From the early 1830s, stories of Letitia’s day-to-day struggles with poverty abound. She was placed in the humiliating position of having to accept gifts from the wealthy Mrs. Wyndham Lewis, who gave her a black velvet dress, and also handed her a diamond ring, “saying gently that she need not keep it, thus tactfully implying that…Miss Landon might sell it to raise money for herself.”
Yet in his autobiography, Jerdan estimated that Letitia made on average £250 a year from her books. That would have been almost enough to keep a whole family on the right side of respectability. According to James Grant in The Great Metropolis, “the Middle Classes consist of those families whose annual expenditure exceeds 250l. or 300l. a year, and who have no accident of birth or station in society which would justify in us ranking them among the higher classes.” Some in middle-class professions earned far less. A clergyman, according to Grant, could be paid as little as £100 a year. Patrick Brontë’s annual salary as perpetual curate of Haworth was £200. Although Letitia was well known to have supported her mother following John Landon’s death in 1824, that alone cannot have eaten up all her earnings. Far from maintaining a full household, Catherine scraped by in down-at-heel rooms, living as the lodger of Thomas Carlyle’s postman at one stage.

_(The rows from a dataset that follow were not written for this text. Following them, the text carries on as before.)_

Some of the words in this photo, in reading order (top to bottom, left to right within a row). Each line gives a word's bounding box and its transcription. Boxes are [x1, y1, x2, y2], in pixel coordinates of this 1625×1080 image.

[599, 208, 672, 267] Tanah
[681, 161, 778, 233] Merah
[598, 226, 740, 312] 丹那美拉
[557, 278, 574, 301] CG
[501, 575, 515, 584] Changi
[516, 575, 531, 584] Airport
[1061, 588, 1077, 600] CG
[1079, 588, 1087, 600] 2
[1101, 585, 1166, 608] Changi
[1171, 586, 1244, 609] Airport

Rumors later circulated that Letitia was a victim of blackmail. Extortion was certainly common in the age of cant. Owing to a legal loophole, it was not at that time a criminal offense to demand payment for not publishing a story. Harriette Wilson, the courtesan, notoriously charged former clients to delete their names from h
er memoirs. The scandal sheet The Age was said to base its entire business model on the practice. In 1826, Letitia lied her way out of the Sunday Times crisis, but it was uncertain whether her luck would hold a second time.
The Age’s editor, Charles Westmacott, is certainly on record as having waged a long-standing campaign of ridicule against Jerdan. As early as 1822, when he was editing the short-lived Gazette of Fashion, a direct competitor to the Literary Gazette, he published a squib on Jerdan’s reputation for puffery and his in-hock relationship with Longman. The Age itself later jibed at “Miss Landon in swansdown muff and tippet, acting The Improvisatrice, with a necklace of Jerdan mock brilliants; her appearance is more of the gazelle than the gazette, although much puffed by the latter, a man-milliner.” However, no evidence has so far emerged to suggest that The Age did more than mock her.

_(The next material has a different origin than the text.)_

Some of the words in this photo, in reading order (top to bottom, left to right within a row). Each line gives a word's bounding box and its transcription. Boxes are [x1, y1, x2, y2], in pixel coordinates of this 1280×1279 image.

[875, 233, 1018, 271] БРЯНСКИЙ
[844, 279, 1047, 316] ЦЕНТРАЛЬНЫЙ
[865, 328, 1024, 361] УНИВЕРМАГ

The rumors regarding Letitia’s money problems are much more likely to have originated in the messy financial ties that yoked her to her Svengali. In Anna Maria Hall’s 1850s novel A Woman’s Story, L.E.L.’s fictional surrogate, the poetess “H.L.,” has to hand over her literary earnings to a mysterious older man who is threatening to expose her shameful secret, which, in the novel, is that she is illegitimate herself, rather than the mother of illegitimate offspring. In the 1860s, it was also alleged that some editor had “made use of his influence in the literary world to obtain power over her for her personal seduction” and had gone on to extort Letitia’s literary earnings under threat of exposure.

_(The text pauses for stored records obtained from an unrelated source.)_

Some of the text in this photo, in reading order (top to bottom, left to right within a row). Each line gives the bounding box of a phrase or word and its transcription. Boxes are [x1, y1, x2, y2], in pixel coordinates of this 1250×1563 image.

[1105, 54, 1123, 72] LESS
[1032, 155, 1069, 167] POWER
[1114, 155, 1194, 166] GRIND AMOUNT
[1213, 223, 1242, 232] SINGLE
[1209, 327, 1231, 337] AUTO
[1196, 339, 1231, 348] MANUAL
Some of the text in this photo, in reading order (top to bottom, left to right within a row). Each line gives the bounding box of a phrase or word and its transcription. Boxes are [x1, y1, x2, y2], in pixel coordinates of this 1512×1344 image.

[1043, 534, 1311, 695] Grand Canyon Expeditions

William Jerdan’s incorrigible indiscretion, and his keenness to boast about his sexual conquest of Letitia, make him an unlikely blackmailer by any conventional definition of the term. Nevertheless, there is evidence to suggest that he exploited his songbird financially. Some more recent critics have attempted to portray L.E.L. as a self-empowered literary businesswoman. Sadly, that was not the case.